(06 de abril, 2015).- El diputado Julián Peña, integrante del grupo parlamentario de Movimiento Ciudadano en el Congreso de Puebla denunció el fraude que se comete en la entidad a través del cobro de nómina de extrabajadores despedidos de la Secretaría de Seguridad Pública del estado.
Advirtió que los recursos podrían estar siendo desviados con fines políticos y electorales, por lo que exigió a las autoridades fiscales realizar las investigaciones correspondientes para deslindar responsabilidades.

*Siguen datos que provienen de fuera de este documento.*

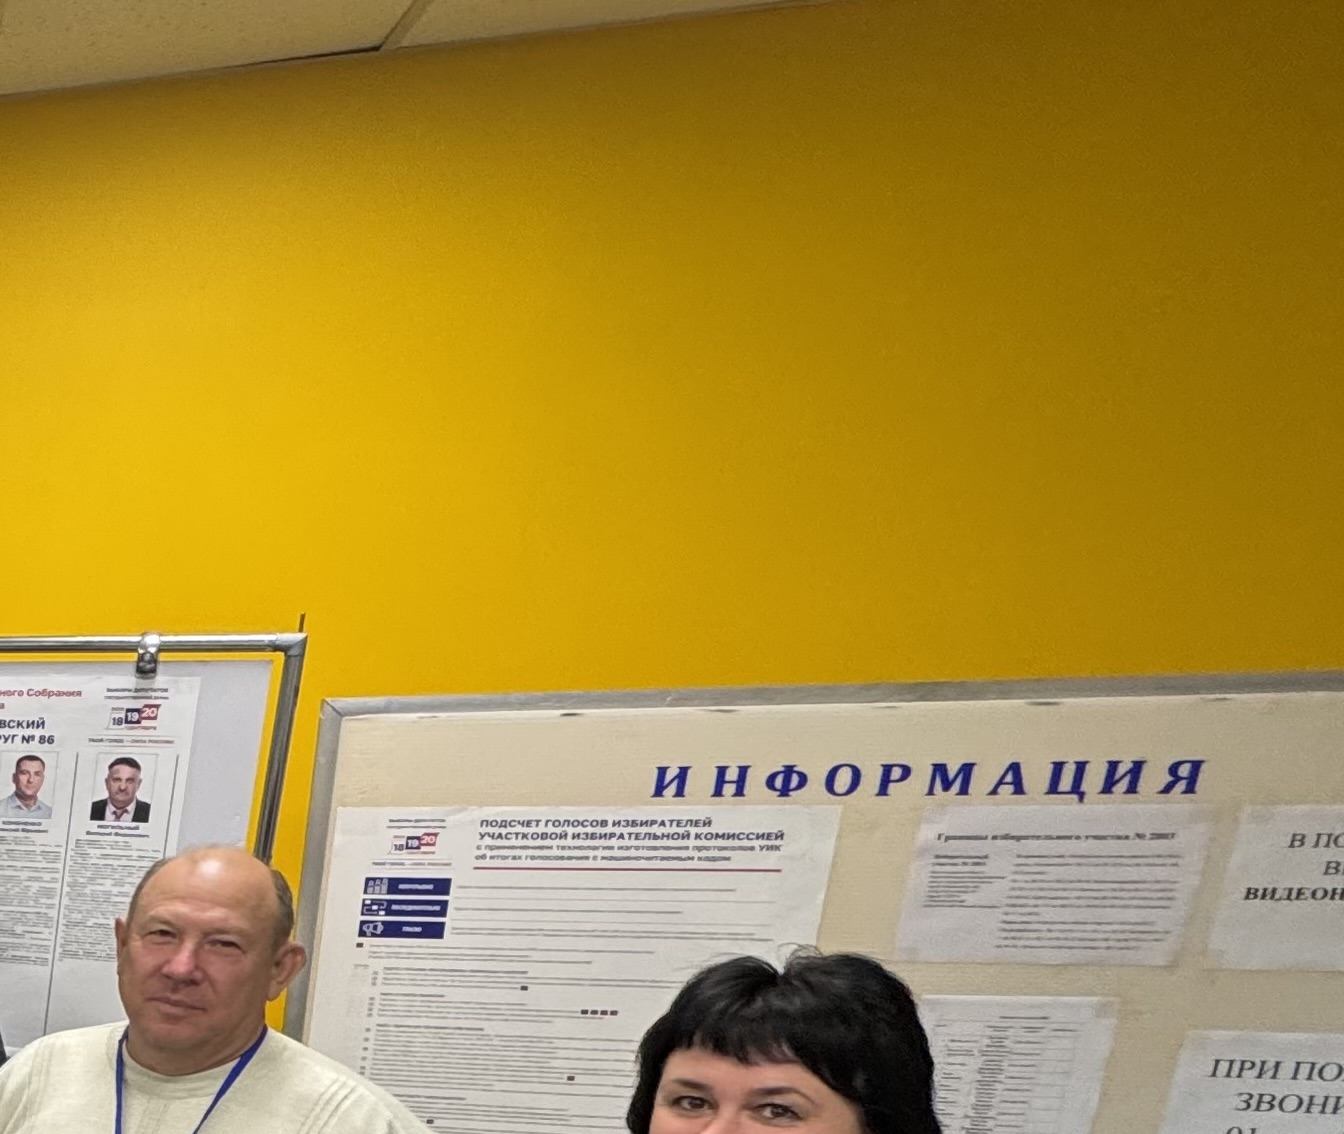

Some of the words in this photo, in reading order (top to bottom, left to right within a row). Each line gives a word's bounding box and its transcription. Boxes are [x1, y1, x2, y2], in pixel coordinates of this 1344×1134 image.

El legislador señaló que además del fraude a las arcas estatales, los extrabajadores también resultan afectados, por lo que es de vital importancia saber quién o quiénes están realizando el cobro indebido de los cheques que se expiden cada quincena, pues el procedimiento administrativo que debería haberse hecho cuando los empleados fueron dados de baja tendría que haber concluido con la liquidación de los mismos.

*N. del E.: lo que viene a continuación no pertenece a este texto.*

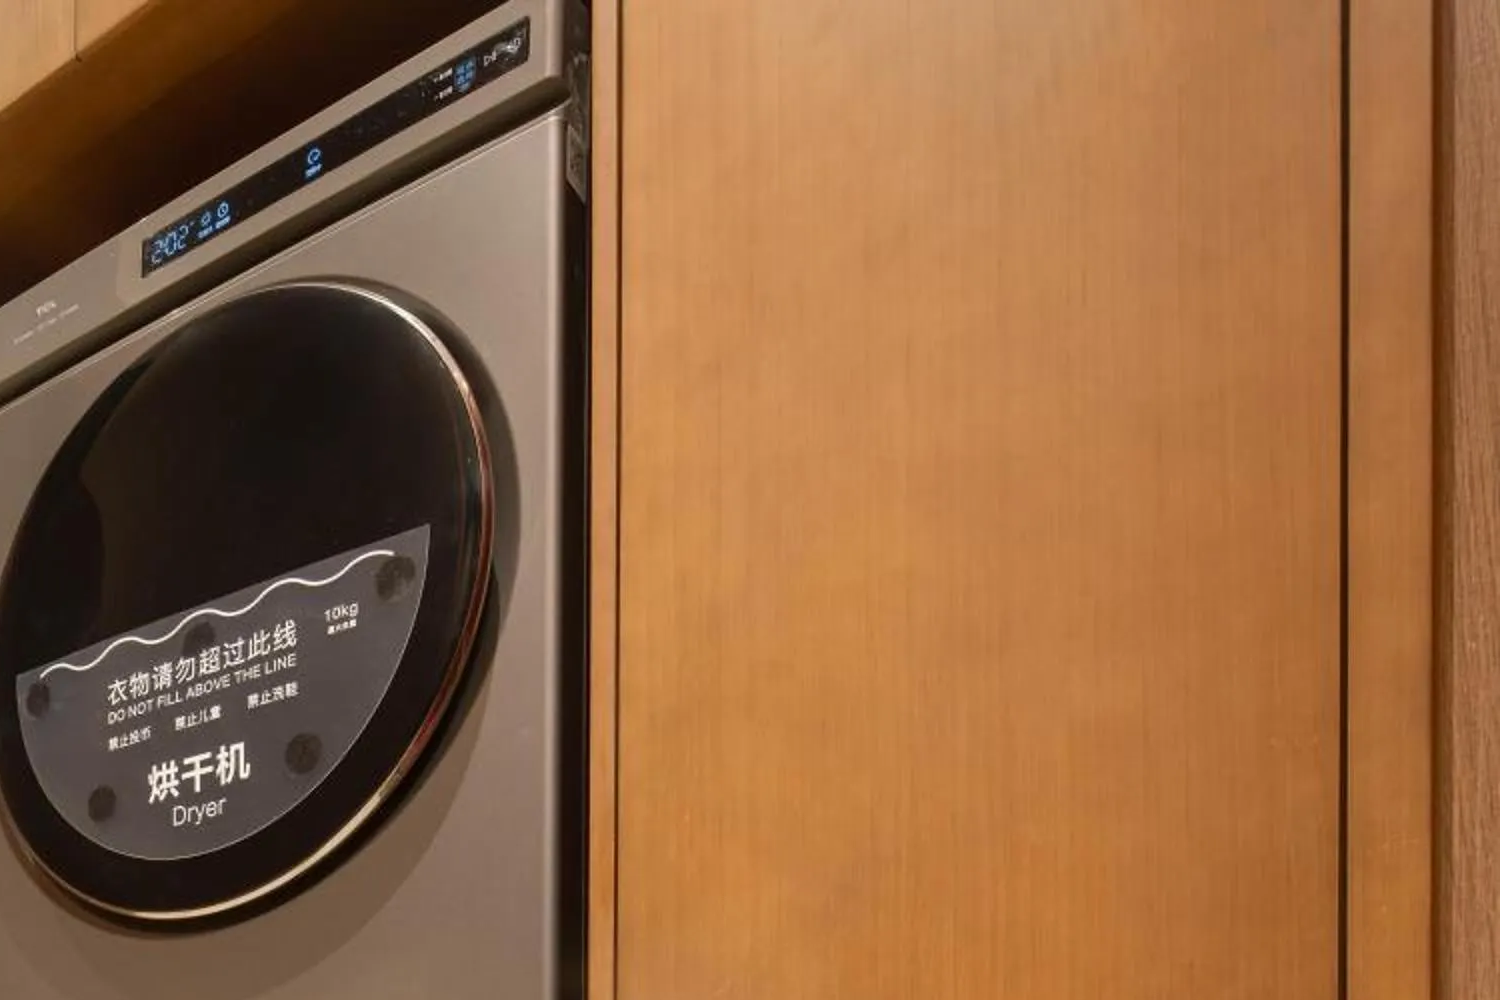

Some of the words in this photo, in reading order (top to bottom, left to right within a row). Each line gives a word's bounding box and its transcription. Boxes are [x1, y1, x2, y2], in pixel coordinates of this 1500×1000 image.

Peña solicitó hacer una investigación más a fondo para saber si este tipo de irregularidades únicamente se presentan en la Secretaría de Seguridad Pública, o si las hay en alguna otra dependencia suscrita a la administración estatal, tomando en cuenta que en las últimas semanas se dio un recorte de personal en la Secretaría General de Gobierno y en el área de cultura.
Cabe señalar que esta problemática es resultado del despido, en octubre pasado, de elementos de la Policía Estatal que demandaron afuera del Congreso del Estado, la renuncia de Rafael Moreno Valle, por el incumplimiento de sus promesas de campaña y se negaron a firmar la liquidación que les ofreció el gobierno de Puebla, que únicamente ascendía a mil pesos por año laborado.
En las manifestaciones, los elementos también exigían la renuncia de Facundo Rosas, titular de la Secretaría de Seguridad Pública.
Elementos de la policía estatal denunciaron la alteración de exámenes de control de confianza que recientemente les fueron aplicados al señalar que la mayoría de los uniformados fueron llamados a evaluación con pocas horas de anticipación, lo que contradice el procedimiento habitual, pues generalmente se les asigna un descanso de 24 horas previas, a fin de que puedan dar su máximo rendimiento en las pruebas psicométricas, toxicológicas, de polígrafo y sobre enriquecimiento y nexos con la delincuencia organizada.
Argumentaron que después de haber trabajado por más de 18 horas continuas y dormido únicamente cuatro, se incrementaba sustancialmente la posibilidad de que sus exámenes psicométricos y de polígrafo tuvieran alteraciones significativas que pudieran interpretarse como elementos negativos para continuar desempeñando sus labores.